Forum Moderators: coopster
With my script, there are 6 fields to upload screenshots. When you upload screenshots, a directory is created, and those image files are moved to that directory.
What I am having trouble with is coming up with an if statement that defines if there are any screenshots uploaded or not. This is because screenshots are optional, and if none are selected then a directory is created anyway and that causes issues on the display side(not my code).
Here is the relevant part of the code:
From the form:
<input type="file" name="pictures[]" />
<input type="file" name="pictures[]" />
<input type="file" name="pictures[]" />
<input type="file" name="pictures[]" />
<input type="file" name="pictures[]" />
<input type="file" name="pictures[]" />The upload code:
mkdir($screenshotsdir.$title, 0777);
$screenshots_directory = $screenshotsdir.$title.'/';foreach ($_FILES["pictures"]["error"] as $key => $error)
{
$tmp_name = $_FILES["pictures"]["tmp_name"][$key];
if (!$tmp_name) continue;
$name = basename($_FILES["pictures"]["name"][$key]);
if ($error == UPLOAD_ERR_OK)
{
if ( move_uploaded_file($tmp_name,$screenshots_directory.$name) )
$uploaded_array[] .= "Uploaded file '".$name."'.<br/>\n";
else
$errormsg .= "Could not move uploaded file '".$tmp_name."' to '".$name."'<br/>\n";
}
else $errormsg .= "Upload error. [".$error."] on file '".$name."'<br/>\n";
}
So, what I'm trying to do is create an if statement which is if there were any screenshots selected for upload, and that will surround the entire 2nd part of the code above.
If it helps, I got the code from php website:
[php.net...]
Thanks in advance for any support.
Will that help?
if(!empty($_POST['pictures'])){
echo 'Pictures present';
CODE HERE
}else{
echo 'No pictures';
}
The result that came up was "No pictures" everytime, with and without images selected in the form. So I guess this means whether or not images are selected in the form, $_POST['pictures']returns something regardless. It's the difference that I need to find and have in the if statement...

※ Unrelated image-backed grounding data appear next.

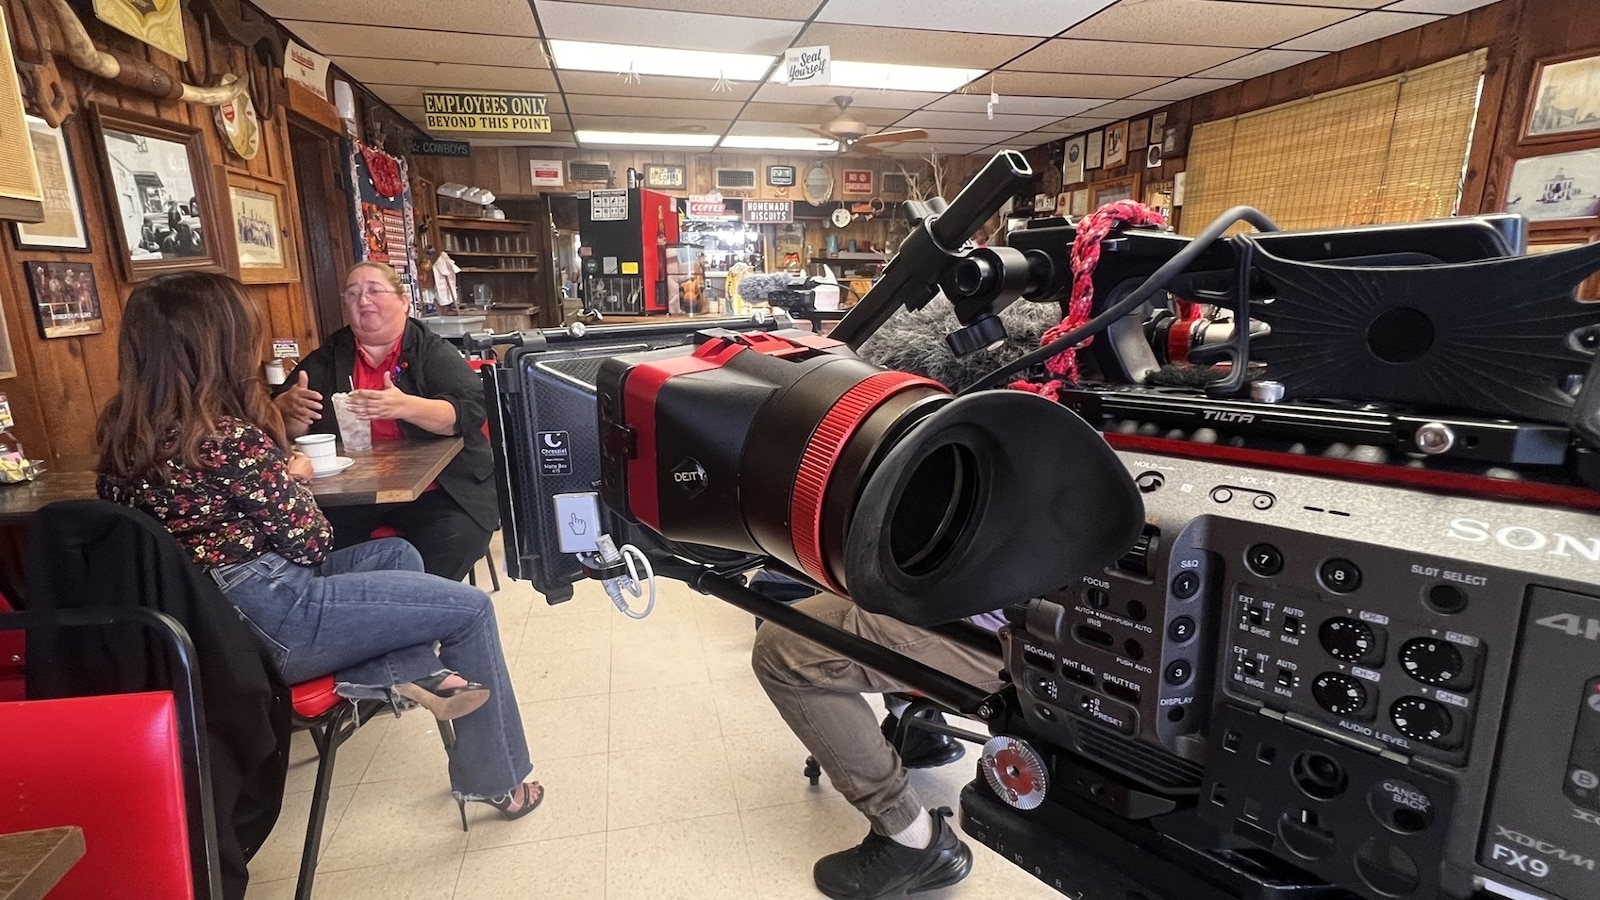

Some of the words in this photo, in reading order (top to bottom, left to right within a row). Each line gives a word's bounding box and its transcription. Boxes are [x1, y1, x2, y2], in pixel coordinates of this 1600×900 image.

[800, 48, 821, 67] Seat
[790, 59, 826, 82] Yourself
[424, 95, 508, 114] EMPLOYEES
[511, 98, 547, 115] ONLY
[428, 116, 476, 128] BEYOND
[479, 117, 508, 128] THIS
[513, 118, 549, 129] POINT
[422, 142, 468, 155] COWBOYS
[845, 182, 871, 190] SMOKING
[691, 203, 726, 212] COFFEE
[747, 202, 789, 211] HOMEMADE
[751, 211, 786, 220] BISCUITS
[1203, 410, 1255, 423] TILTA
[1133, 460, 1157, 469] HOLD
[674, 471, 704, 482] DEITY
[1239, 475, 1259, 485] VOL
[1180, 559, 1199, 569] S&Q
[1260, 554, 1269, 564] 7
[1334, 570, 1345, 580] 8
[1411, 564, 1440, 577] SLOT
[1442, 570, 1488, 587] SELECT
[1082, 575, 1110, 589] FOCUS
[1183, 581, 1189, 590] 1
[1239, 595, 1254, 604] EXT
[1262, 601, 1276, 610] INT
[1282, 606, 1304, 618] AUTO
[1074, 605, 1091, 615] AUTO
[1134, 623, 1153, 634] AUTO
[1086, 617, 1102, 627] IRIS
[1177, 625, 1186, 635] 2
[1239, 623, 1249, 631] MI
[1250, 626, 1271, 638] SHOE
[1280, 635, 1299, 645] MAN
[1023, 644, 1056, 660] ISO/GAIN
[1233, 646, 1248, 655] EXT
[1256, 653, 1270, 662] INT
[1062, 657, 1079, 668] WHT
[1080, 664, 1096, 676] BAL
[1115, 656, 1133, 667] PUSH
[1134, 663, 1153, 674] AUTO
[1276, 659, 1298, 671] AUTO
[1174, 668, 1183, 678] 3
[1353, 668, 1378, 680] CH-2
[1102, 672, 1141, 692] SHUTTER
[1234, 673, 1243, 681] MI
[1245, 676, 1265, 689] SHOE
[1274, 686, 1293, 697] MAN
[1160, 696, 1194, 706] DISPLAY
[1093, 710, 1123, 727] PRESET
[1339, 720, 1372, 736] AUDIO
[1375, 731, 1411, 749] LEVEL
[1579, 772, 1592, 786] B
[1393, 793, 1427, 813] BACK
[1014, 853, 1023, 864] 10
[1492, 843, 1549, 878] FX9
[1035, 866, 1041, 875] 9
[1055, 878, 1062, 888] 8
[1077, 891, 1084, 900] 7

I have also tried things like if(isset($_POST['pictures'])) and if($_POST['pictures']['size'] > 0)) but the same result as above comes up every time. if($_FILES['scriptfile']['size'] > 0) works for a single upload, but not when it is an array...
Here's an easy way to create the directory only when needed: call is_dir() just before you want to create a file and only create the directory if it doesn't exist. I've bolded the required changes in your code below:
[b]$screenshots_directory = $screenshotsdir.$title;[/b]foreach ($_FILES["pictures"]["error"] as $key => $error) {
$tmp_name = $_FILES["pictures"]["tmp_name"][$key];
if (!$tmp_name) continue;$name = basename($_FILES["pictures"]["name"][$key]);
if ($error == UPLOAD_ERR_OK) {
[b]if(!is_dir($screenshots_directory)) {
mkdir($screenshots_directory, 0777);
}[/b]
if ( move_uploaded_file($tmp_name,$screenshots_directory.[b]'/'.[/b]$name) )
$uploaded_array[] .= "Uploaded file '".$name."'.<br/>\n";
else
$errormsg .= "Could not move uploaded file '".$tmp_name."' to '".$name."'<br/>\n";
} else
$errormsg .= "Upload error. [".$error."] on file '".$name."'<br/>\n";
}
idfer, your advice worked again(i think you helped me with a previous topic).
I did figure this out previously by browsing through the php documentation. Instead of using is_dir() I used file_exists() which actually checks both directories and files. But I only need to check for a directory, so I will switch to is_dir().
Thanks again.